In Crews, we explained that:
For the good faith reliance exception to apply, the officers must have relied on the search warrant in an objectively reasonable manner. United States v. Clark, 31 F.3d 831, 835 (9th Cir.1994). The affidavit “must establish at least a colorable argument for probable cause” for the exception to apply. United States v. Luong, 470 F.3d 898, 903 (9th Cir.2006). Therefore, if there is a color-able argument that the search of Apartment 3 was supported by probable cause, the officer’s reliance on the search warrant was objectively reasonable.
In United States v. Shi, 525 F.3d 709, 731 (9th Cir.2008), we reiterated “[g]ood faith reliance exists if the agents’ affidavit establishes ‘at least a colorable argument for probable cause,’ and the agents relied on the search warrant in an objectively reasonable manner.” (internal citation omitted).
We conclude that the district court reasonably determined that in 2002 — four years prior to our opinion in Battershell— there was a “colorable argument for probable cause” for the issuance of the search warrant based on the circumstances under which the 15 computers were found and the discovery of the suspect photograph by Agent Reynolds in his initial search of the computers. As the district court noted, there is no showing that “Agent Reynolds lied, was untruthful, gave false information, or misled the magistrate in any way,” and the presence of 15 computers, some linked together, was obviously “unusual.” We agree that if the warrant itself lacks probable cause, the Leon good-faith exception applies, and the evidence need not be suppressed.
Finally, although not addressed by the parties, we note that the search took place on a military base and that our case law at least suggests that civilians such as Krupa impliedly consent to searches when they enter a military base. See Morgan v. United States, 323 F.3d 776, 778 (9th Cir.2003) (holding that a warrantless search of a person seeking to enter Edwards Air Force Base may be deemed reasonable based on the implied consent of the person searched).

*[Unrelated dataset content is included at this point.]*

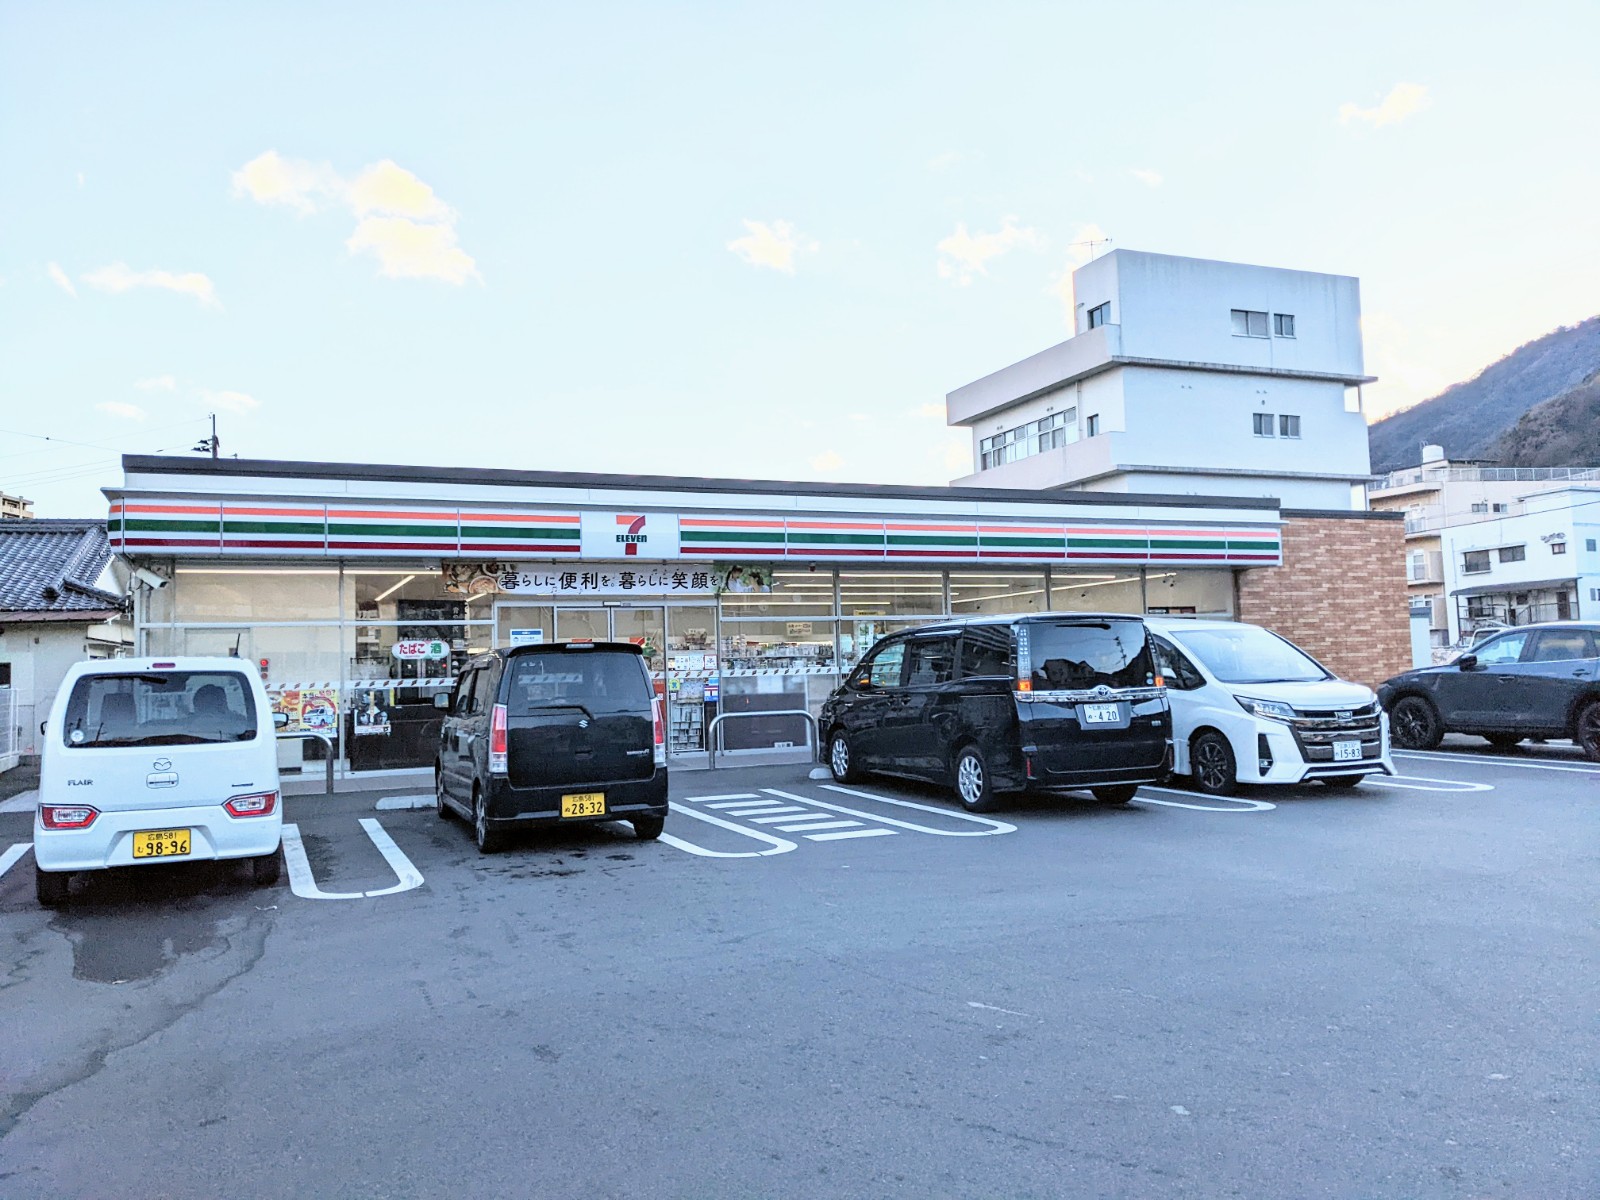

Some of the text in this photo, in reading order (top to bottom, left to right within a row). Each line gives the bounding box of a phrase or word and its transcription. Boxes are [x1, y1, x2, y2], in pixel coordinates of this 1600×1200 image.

[616, 515, 646, 555] 7
[399, 642, 442, 654] たばこ 酒
[1340, 748, 1360, 758] 15-83
[146, 840, 187, 856] 98-96

In sum, giving the appropriate deference to Colonel LaFave’s determination as required by Gates, 462 U.S. 213, 103 S.Ct. 2317, and our own precedent, we conclude that he could have reasonably determined *1180that there was probable cause to support the issuance of the search warrant. Alternatively, even if we were to determine that there was not probable cause for the warrant, we would affirm the district court’s determination that the warrant fit within the good-faith exception set forth in Leon, 468 U.S. 897, 104 S.Ct. 3405. Accordingly, the district court’s denial of Krupa’s motion to suppress is AFFIRMED.
. Krupa’s appeal does not question the propriety of Colonel LaFave acting as the issuing magistrate.
. Ultimately 52 images and an additional 48 movies of child pornography were located within the computers.
. The Supreme Court has granted cert to review Millender, cert. granted 79 U.S.L.W. 3727 (U.S. June 27, 2011) (No. 10-704).
. The difficulty inherent in determining whether a photograph of a minor is a "lascivious exhibition of the genitals or pubic area” as proscribed by 18 U.S.C. § 2256(2)(A)(v), the issue in Battershell is illustrated by the subsequent opinion in Hill, 459 F.3d 966. In Hill, we determined that a state judge finding of probable cause was “well within his discretion,” even though tire description of the photographs (on which the judge issued the warrant) was not very different from the description of the first photograph in Batter-shell. See Hill, 459 F.3d at 968-69, 972. Moreover, Battershell and Hill were decided well after Colonel LaFave issued the search warrant in this case and thus were not available to guide his decision.